你。 提交于 2021-02-20 18:52:08

问题


I was trying to solve this problem, and I gave up, and found the solution below, although I do not understand how the solution works, or why it works. Any in-depth solution would be deeply appreciated.

Question:

Given s1, s2, s3, find whether s3 is formed by the interleaving of s1 and s2.

For example, Given:

s1 = "aabcc"
s2 = "dbbca"
  • When s3 = "aadbbcbcac", return true.
  • When s3 = "aadbbbaccc", return false.

Solution:

  public static boolean isInterleave(String s1, String s2, String s3) {
        if (s3.length() == 0 && s1.length() == 0 && s2.length() == 0)
            return true;

        else if (s3.length() != s1.length() + s2.length())
            return false;
        boolean isInter[][] = new boolean[s1.length()+1][s2.length()+1];
        isInter[0][0] = true;
        for ( int i = 1; i <= s1.length(); ++i){
            if (s1.charAt(i-1) == s3.charAt(i-1))
                isInter[i][0] = true;
            else
                break;
        }
        for ( int i = 1; i <= s2.length(); ++i){
            if (s2.charAt(i-1) == s3.charAt(i-1))
                isInter[0][i] = true;
            else
                break;
        }
        // DP
        for ( int i = 1; i <= s1.length(); ++i){
            for ( int j = 1; j <= s2.length(); ++j){
                if (s3.charAt(i+j-1) == s1.charAt(i-1))
                    isInter[i][j] = isInter[i-1][j] || isInter[i][j];
                if (s3.charAt(i+j-1) == s2.charAt(j-1))
                    isInter[i][j] = isInter[i][j-1] || isInter[i][j];
            }
        }
        return isInter[s1.length()][s2.length()];
    }

回答1:


I'm using Python slice syntax here because it is nice. S[:-1] means the string S with its last character removed and S[:n] means the prefix of S that has length n.

The key idea is that if C is an interleaving of A and B, then C[:-1] is either an interleaving of A and B[:-1] or of A[:-1] and B. On the other hand, if C is an interleaving of A and B, then C + 'X' is an interleaving of A + 'X' and B and it is also an interleaving of A and B + 'X'.

These are the substructure properties we need to apply dynamic programming.

We define f(i, j) = true, if s1[:i] and s2[:j] can be interleaved to form s3[:(i+j)] and f(i,j) = false otherwise. By the observation above we have

f(0,0) = true
f(i,0) = f(i-1, 0) if s3[i-1] == s1[i-1]
f(0,j) = f(0, j-1) if s3[j-1] == s2[j-1]
f(i,j) = true if s3[i+j-1] = s1[i-1] and f(i-1, j)
f(i,j) = true if s3[i+j-1] = s2[j-1] and f(i, j-1)

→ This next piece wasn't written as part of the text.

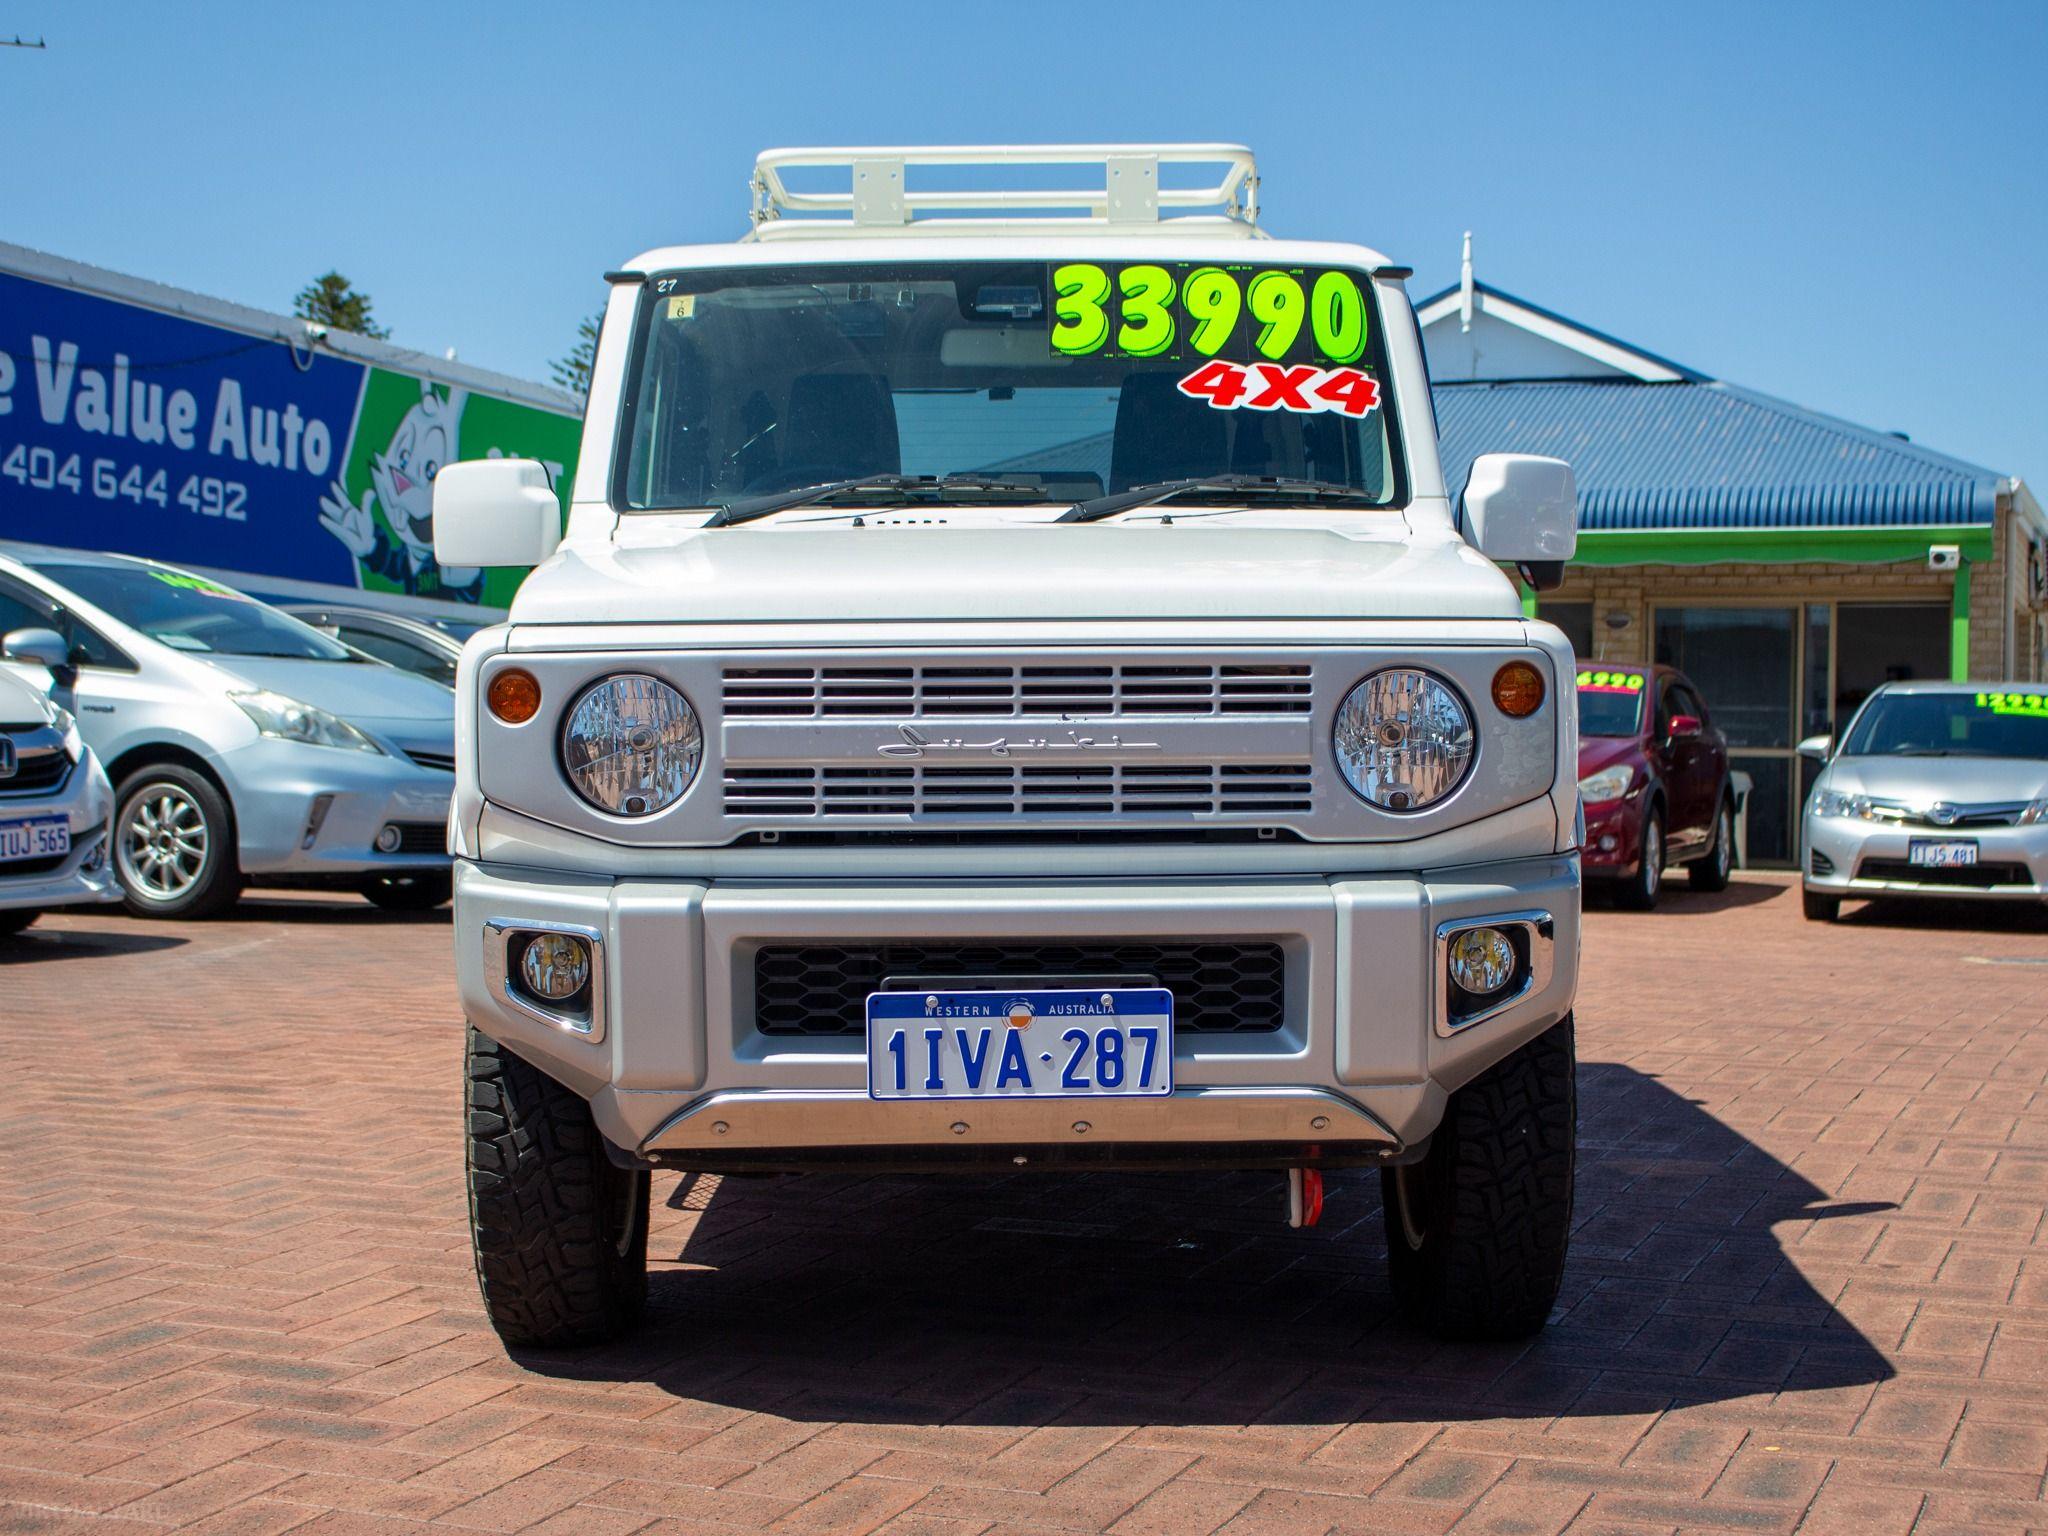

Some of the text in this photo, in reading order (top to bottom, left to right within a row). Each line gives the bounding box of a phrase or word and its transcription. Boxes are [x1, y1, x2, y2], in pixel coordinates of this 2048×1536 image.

In all the other cases we have f(i,j) = false. The Java code just implements this recurrence using dynamic programming. That said, I would implement it in a bit more concise way:

for (int i = 0; i <= s1.length(); ++i)
    for (int j = 0; j <= s2.length(); ++j)
        isInter[i][j] = (i == 0 && j == 0)
           || (i > 0 && s1.charAt(i-1) == s3.charAt(i+j-1) && isInter[i-1][j])
           || (j > 0 && s2.charAt(j-1) == s3.charAt(i+j-1) && isInter[i][j-1]);



回答2:


The first few lines just deal with simple cases that can be resolved based only on the input string lengths. These tests simplify the remaining code by allowing it to assume that the lengths match.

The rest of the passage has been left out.